Among the topics it discusses are:

• How employers’ use of individuals’ criminal history in making employment discrimination could violate Title VII;

• Federal court decisions analyzing Title VI as applied to criminal record exclusions;

• The differences between the treatment of arrest and conviction records;

• The applicability of disparate treatment and disparate impact analysis under Title VII;

• Compliance with other federal laws and regulations that restrict or prohibit employing individuals with certain criminal records; and

• Best practices for employers.

Commenting on the report, Leslie E. Silverman, a partner with law firm Proskauer Rose L.L.P. Washington and a former EEOC vice chair, said “The guidance consolidates a series of guidance documents and other documents that provide guidance over a 20-25 year period, and very little of it cumulatively” is either new “or shattering.”

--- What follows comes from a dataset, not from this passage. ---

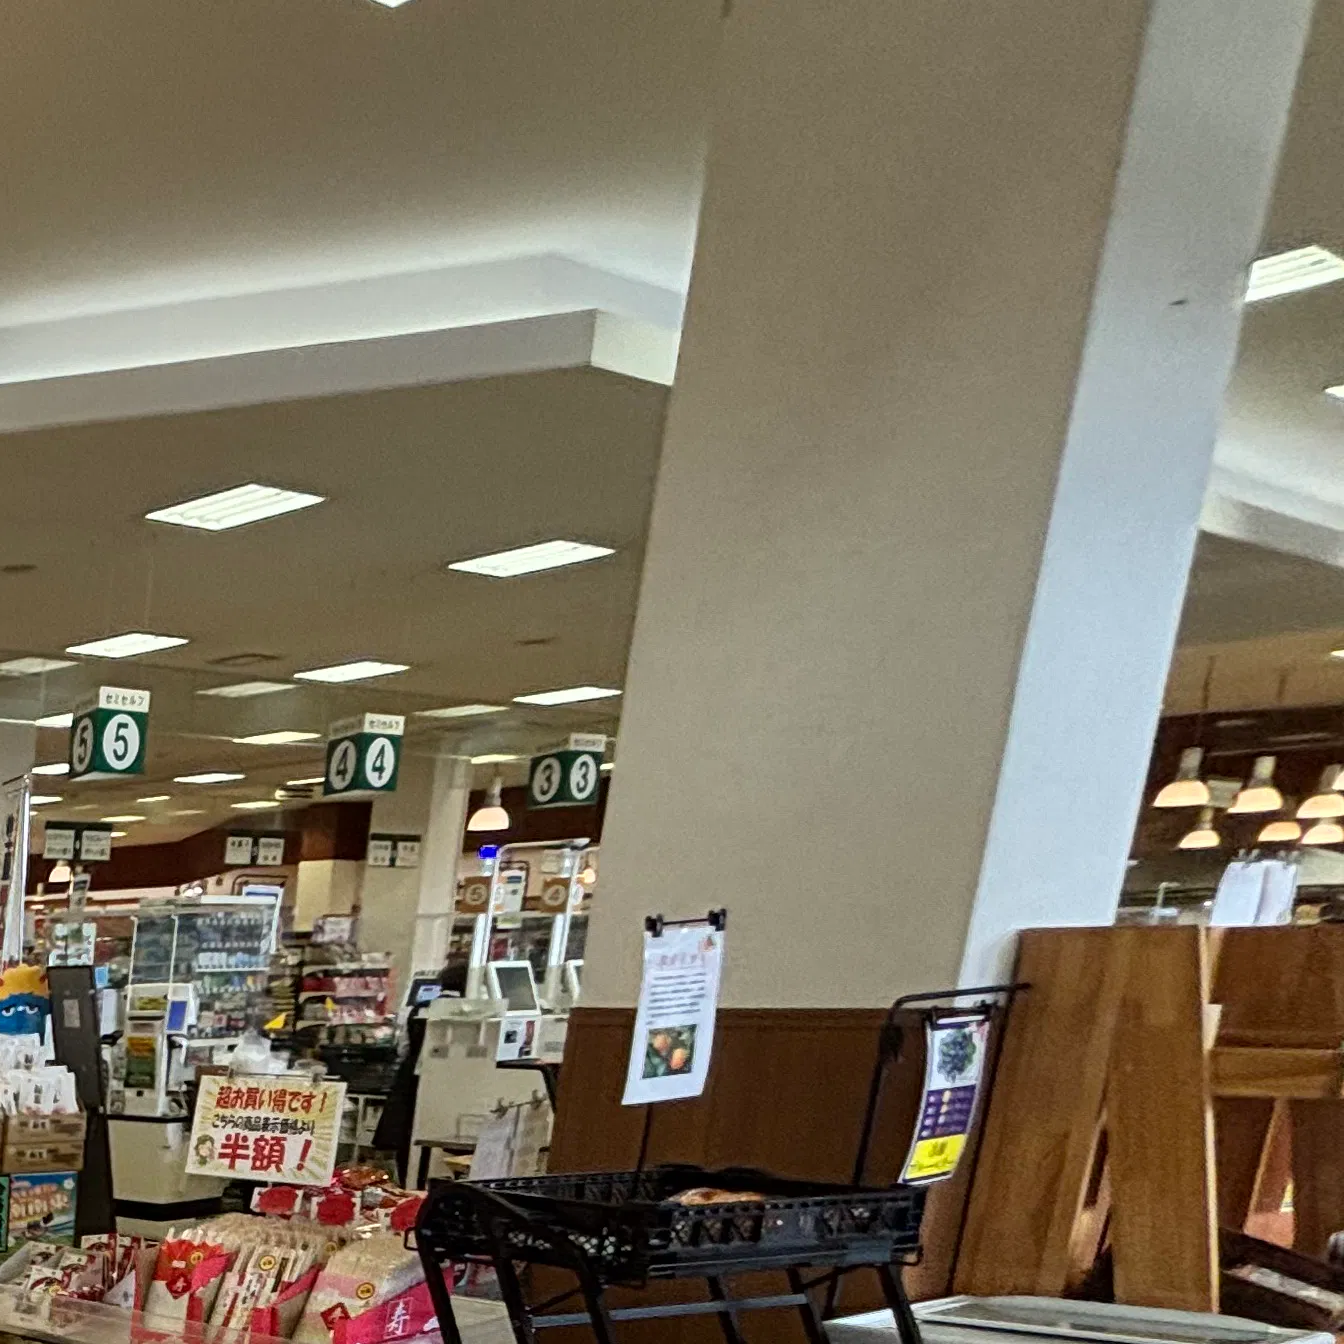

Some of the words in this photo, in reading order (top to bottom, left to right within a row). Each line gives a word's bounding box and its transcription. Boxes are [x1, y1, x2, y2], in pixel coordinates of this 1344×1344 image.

The Alexandria, Virginia-based Society for Human Resource Management said in a statement it “is pleased that the guidance does not appear to impose a one-size-fits-all set of rules on employers and seems to take into consideration that every employer will have different needs and concerns in the use of criminal background checks in hiring.”

However, SHRM adds it “remains concerned with the potential conflict between this federal guidance and state laws that require criminal background checks in some industries and for some positions.”

Those applauding the guidance included the Washington-based Lawyers Committee for Civil Rights Law, which said in a statement it “will greatly reduce the misuse of criminal history background checks to deny employment to persons of color.”

It said the guidance “strengthens enforcement efforts against employers who are misusing criminal background checks and provides clear guidance to employers on the appropriate use of such background checks.”

Judy Greenwald writes for Business Insurance, a sister publication of Workforce Management. To comment, email editors@workforce.com.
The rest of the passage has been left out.